Arabic scholar (1930–1997)

Mohammad Moustafa Haddara (محمد مصطفى هدارة; 1930 - February 28, 1997) was an Egyptian Arabic scholar. Haddara was a distinguished professor of Arabic literature, at Alexandria University, Egypt, and a professor at King Saud University, Riyadh, Saudi Arabia.

After leaving his diplomatic position as the Cultural Attaché of the Arab League, Haddara devoted his time to the academic field. Haddara held the positions of dean of the Faculty of Arts, Tanta University, and vice dean for post-graduate studies, Faculty of Arts, Alexandria University. Moreover, Haddara was a visiting professor at University of Shanghai, China, Bonn University, Germany, Umdorman University in Sudan, University of Tokyo, Japan, and many other regional and international universities.

Haddara held the head of department position in various departments, including Arabic, Theater, Phonetics, and Oriental Languages Departments at Alexandria University, Ain Shams University, Tanta University, and other international universities.

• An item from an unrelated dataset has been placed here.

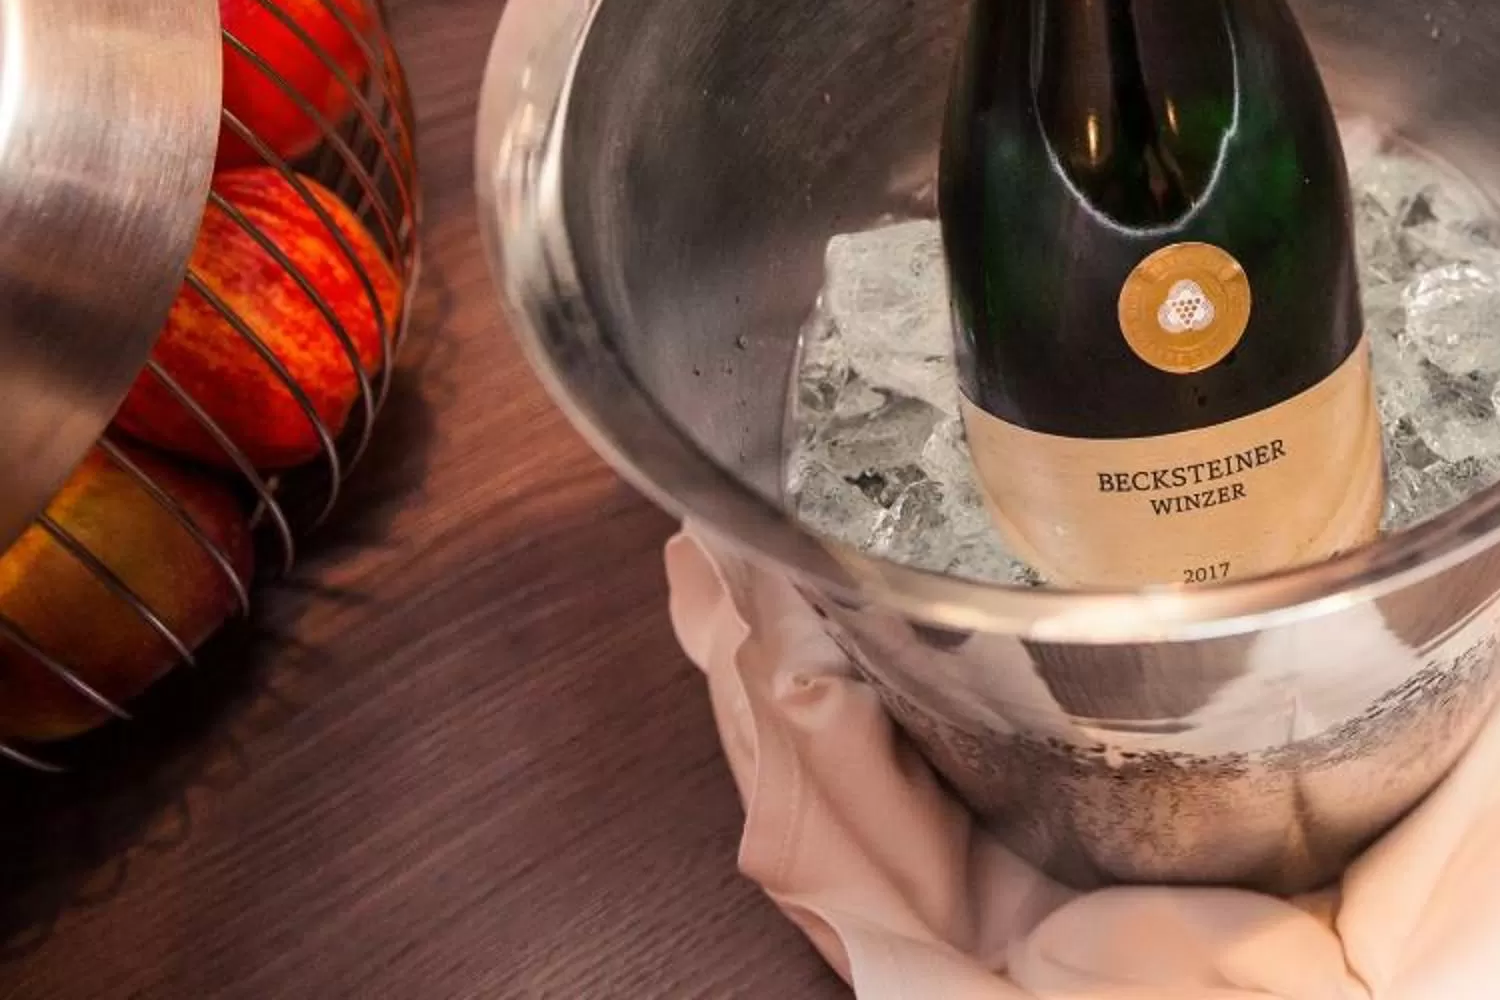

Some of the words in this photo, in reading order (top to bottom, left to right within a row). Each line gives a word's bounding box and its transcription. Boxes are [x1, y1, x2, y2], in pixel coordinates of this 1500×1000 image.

[1097, 439, 1286, 492] BECKSTEINER
[1150, 483, 1247, 516] WINZER
[1184, 563, 1231, 584] 2017
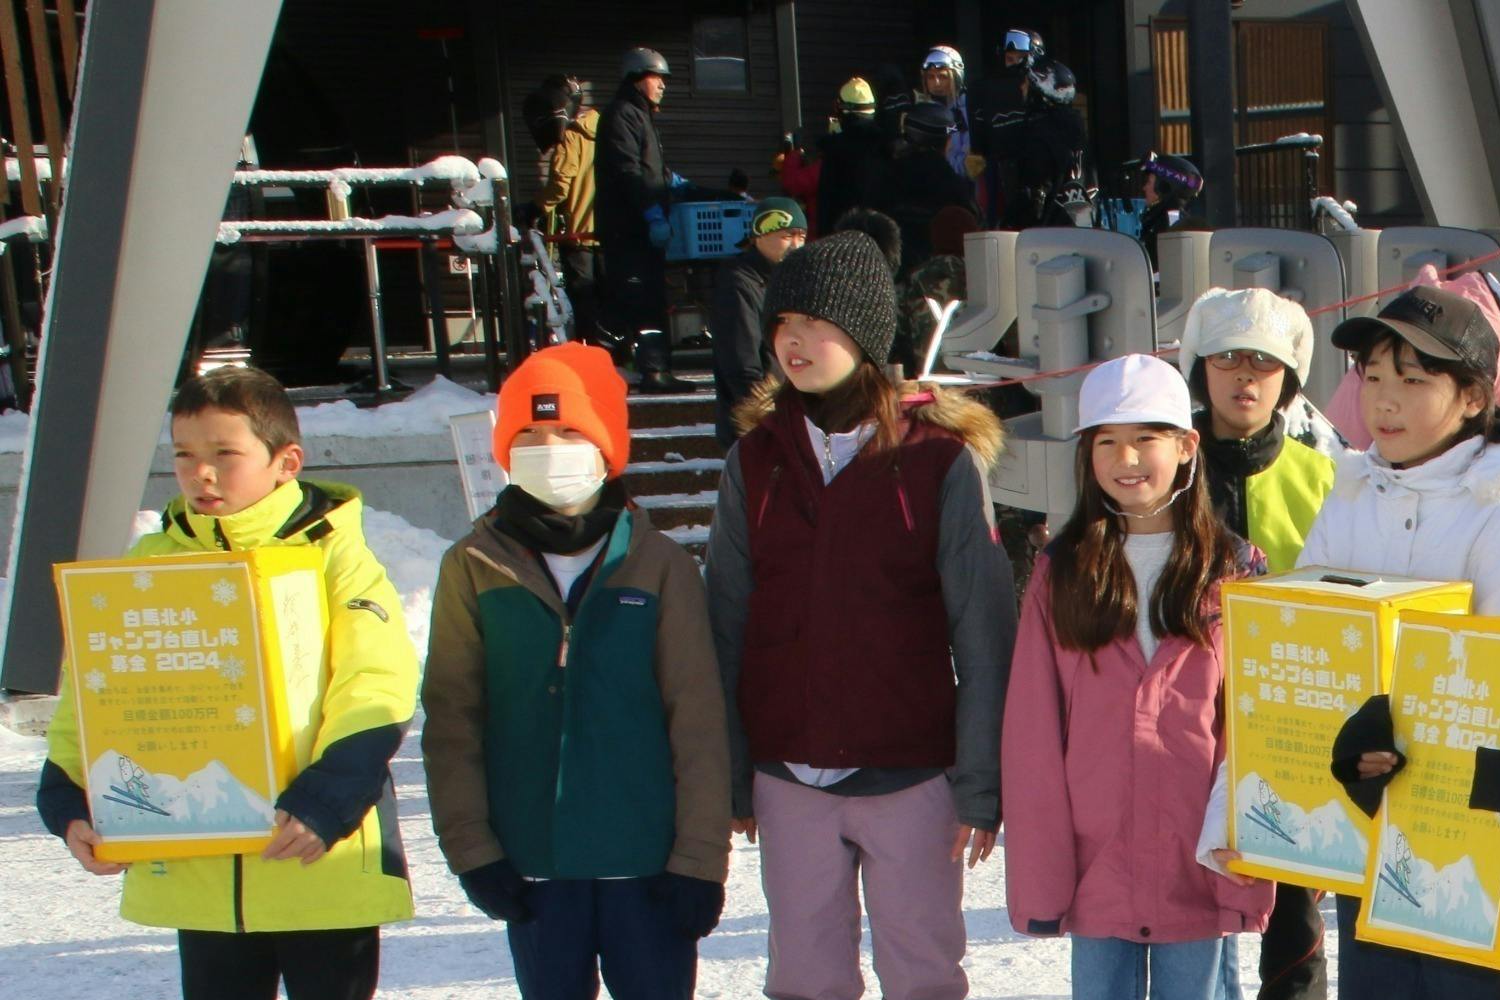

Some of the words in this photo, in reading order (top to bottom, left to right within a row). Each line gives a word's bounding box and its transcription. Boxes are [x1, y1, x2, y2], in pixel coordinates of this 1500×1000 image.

Haddara authored one historical novel called El mansoura, named after the Egyptian city El-Mansoura, and a total of 16 books in the field of Arabic literature and criticism. Haddara edited numerous books, and translated 5 books to Arabic language including Islam by the Arabist scholar Alfred Guillaume, and the Japanese Hiroshima Diary by Michihiko Hachiya. Moreover, he has translated 3 international novels. He also wrote numerous articles in national and international academic journals, conferences, magazines, and newspapers.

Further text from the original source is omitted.